The church was empty. The tall, white-painted, uncomfortable-looking pews stood like soldiers in ranks waiting for the order to march. The walls were plastered and painted white; the arched windows rose high up the walls in regular intervals. Unlike the Anglican Burton Parish Church of Williamsburg, which flaunted its wealth and elegance with understatement, the Old Church displayed a genuine understatement, no more or less presumptuous in its conspicuous simplicity than the Puritan black coat and hat.

At the far end of the church, high in the pulpit, the minister stood flipping the pages of a book. He looked up at the sound of Billy’s shoes on the wood floor echoing through the empty hall and climbed down the stairs to meet them.

“Good day to you, sir.” Billy gave an elaborate bow.

“Good day.” The minister was in Calvinist black, set off by his white wig and cravat fringed with a simple lace. His eyes flickered over Billy’s fine red wool coat, his silk waistcoat, his hat with the gold trim, which he held under his arm, the sword at his belt. “How may I help you?”

“We are just arrived from England to your country, sir, and we are seeking out an acquaintance of ours, a Mr. Frederick Dunmore, whose father, I am told, is a man of the cloth in this town.”

At that the minister frowned, and if he wished to deny knowing Dunmore it was too late. When he spoke his tone said much more than his words. “I have not heard tell of Frederick Dunmore for some years now. I had thought he was in London, but if you are just from there, then I suppose not. In any event, he does not live in Boston and I do not know where he now makes his home.”
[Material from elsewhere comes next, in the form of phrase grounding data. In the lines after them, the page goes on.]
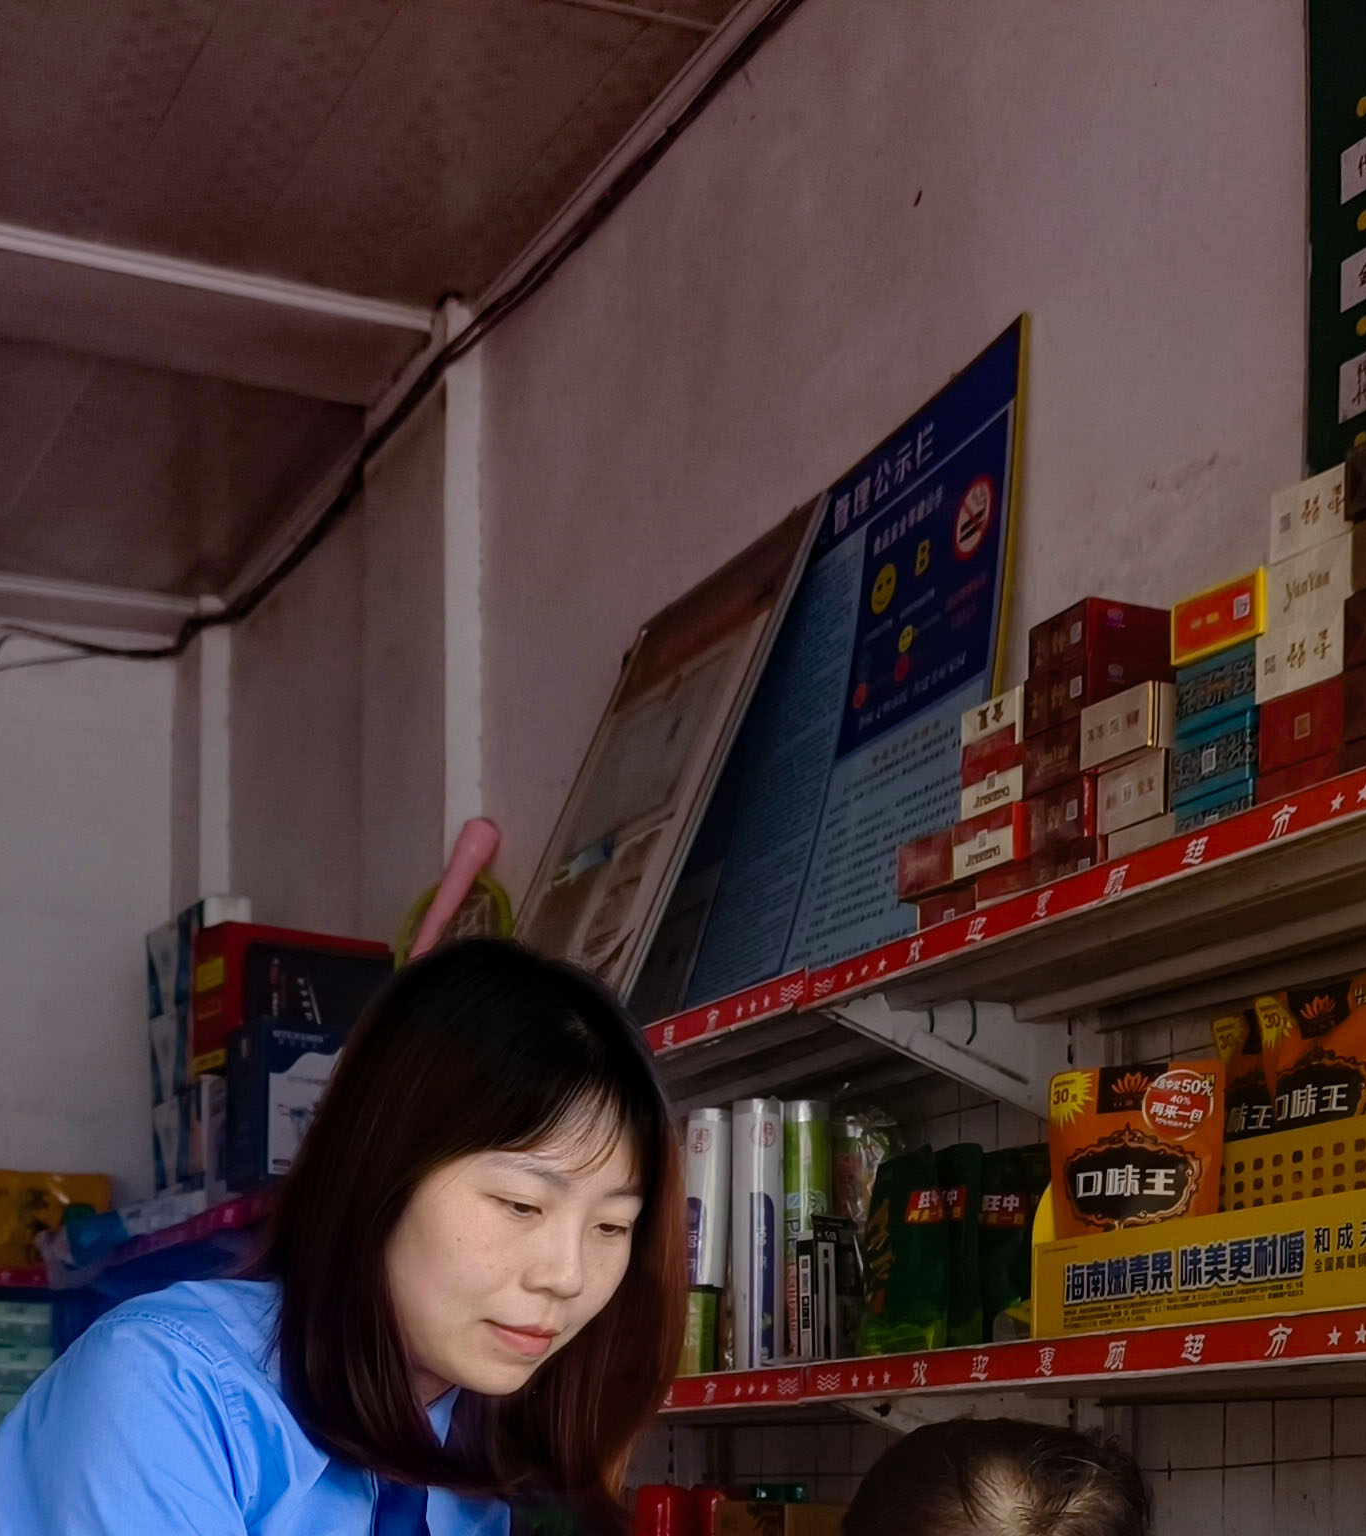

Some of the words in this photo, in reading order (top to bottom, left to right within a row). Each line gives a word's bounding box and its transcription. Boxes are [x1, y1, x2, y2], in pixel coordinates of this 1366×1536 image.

[1149, 1101, 1204, 1123] 再来一包
[1275, 1082, 1349, 1122] 口味王
[1075, 1163, 1176, 1199] 口味王
[1064, 1249, 1174, 1305] 海南嫩青果
[1178, 1229, 1307, 1290] 味美更耐嚼
“Then perhaps we shall call upon his father, if you would be so kind as to tell us where we might find that worthy gentleman?”

Butter would melt on Billy Bird’s tongue, Elizabeth thought.

The minister cleared his throat and it took him a moment to decide what to say, during which time Billy smiled and waited, the picture of guileless innocence.

“Reverend Wait Dunmore is minister of the Middle Street Church, which stands at the corner of Middle Street and Cross. Do you know it?”